Data excerpts ▸

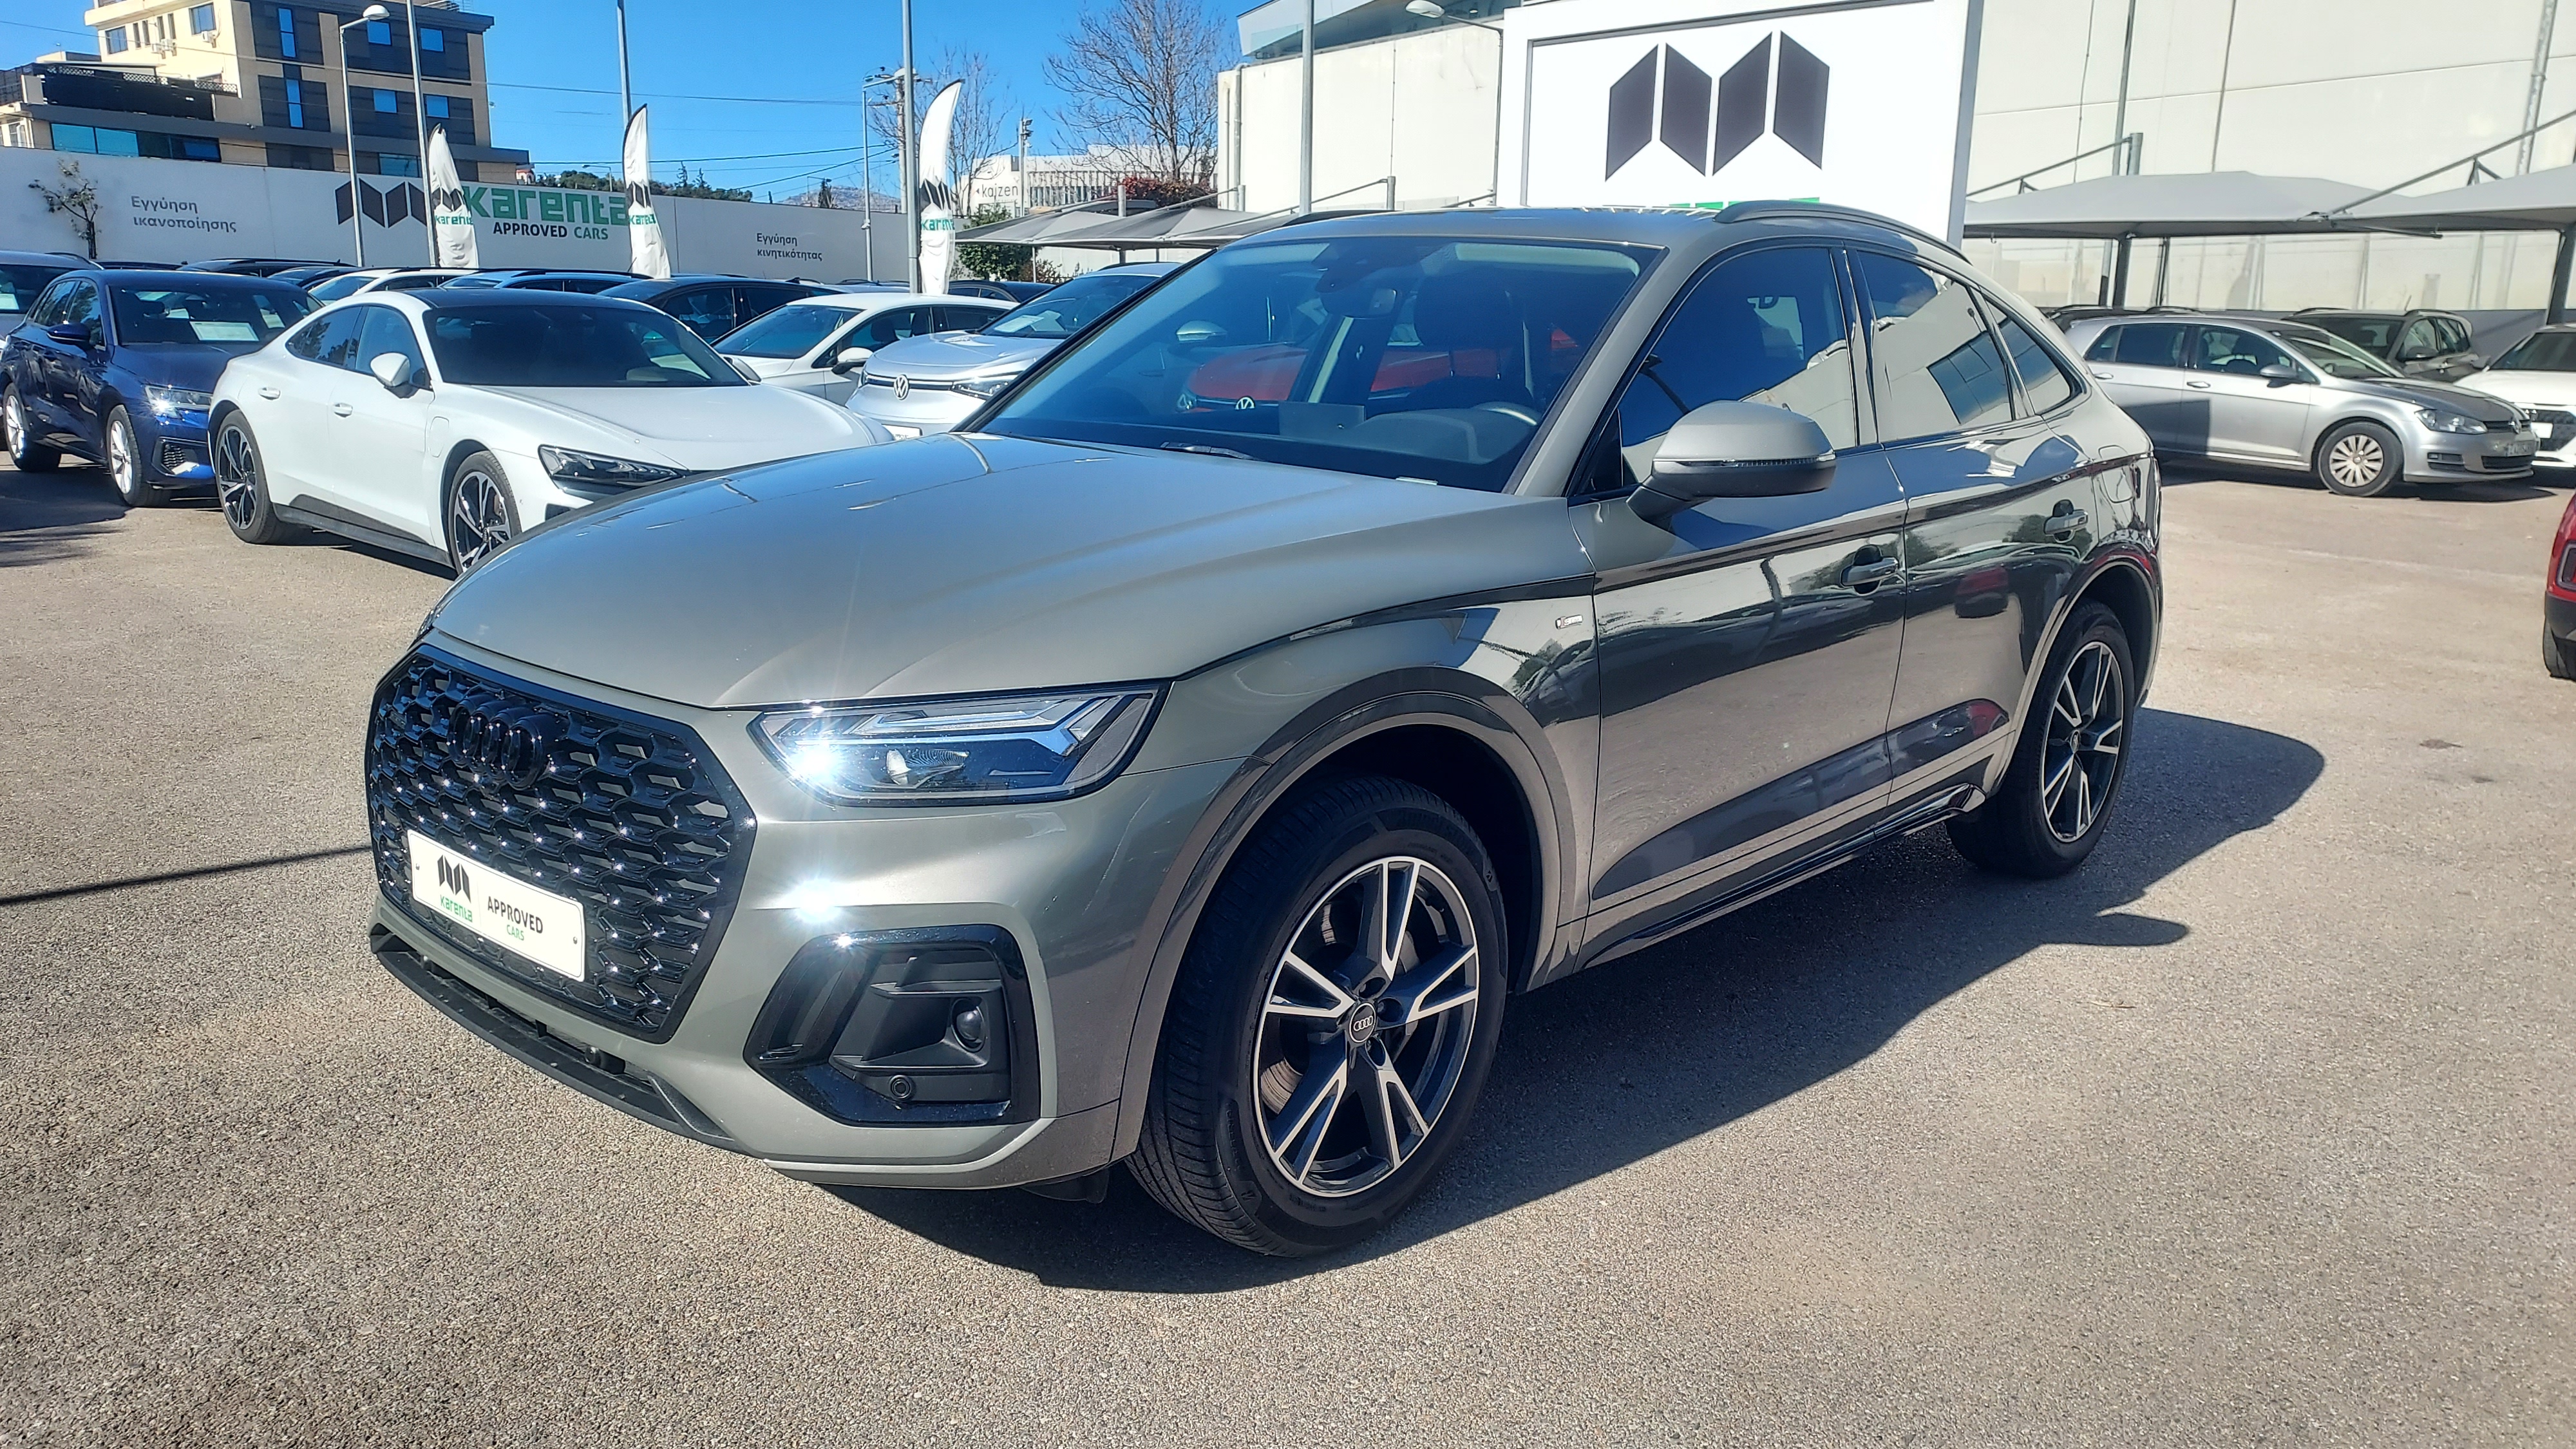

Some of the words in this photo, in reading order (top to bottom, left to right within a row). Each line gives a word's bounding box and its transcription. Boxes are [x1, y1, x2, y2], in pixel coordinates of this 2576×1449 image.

[981, 184, 1018, 198] kaizen
[131, 195, 198, 214] Εγγύηση
[461, 185, 627, 225] karenta
[133, 216, 237, 233] ικανοποίησης
[493, 222, 567, 238] APPROVED
[574, 226, 609, 240] CARS
[756, 232, 798, 247] Εγγύηση
[757, 248, 823, 262] κινητικότητας
[440, 895, 473, 923] karenta
[488, 896, 544, 934] APPROVED
[506, 924, 525, 941] CARS

What is expected ▸
Verbatim output of the entries is required, with each image left out.

Answer to this exercise ▸
Some of the words in this photo, in reading order (top to bottom, left to right within a row). Each line gives a word's bounding box and its transcription. Boxes are [x1, y1, x2, y2], in pixel coordinates of this 2576×1449 image.

[981, 184, 1018, 198] kaizen
[131, 195, 198, 214] Εγγύηση
[461, 185, 627, 225] karenta
[133, 216, 237, 233] ικανοποίησης
[493, 222, 567, 238] APPROVED
[574, 226, 609, 240] CARS
[756, 232, 798, 247] Εγγύηση
[757, 248, 823, 262] κινητικότητας
[440, 895, 473, 923] karenta
[488, 896, 544, 934] APPROVED
[506, 924, 525, 941] CARS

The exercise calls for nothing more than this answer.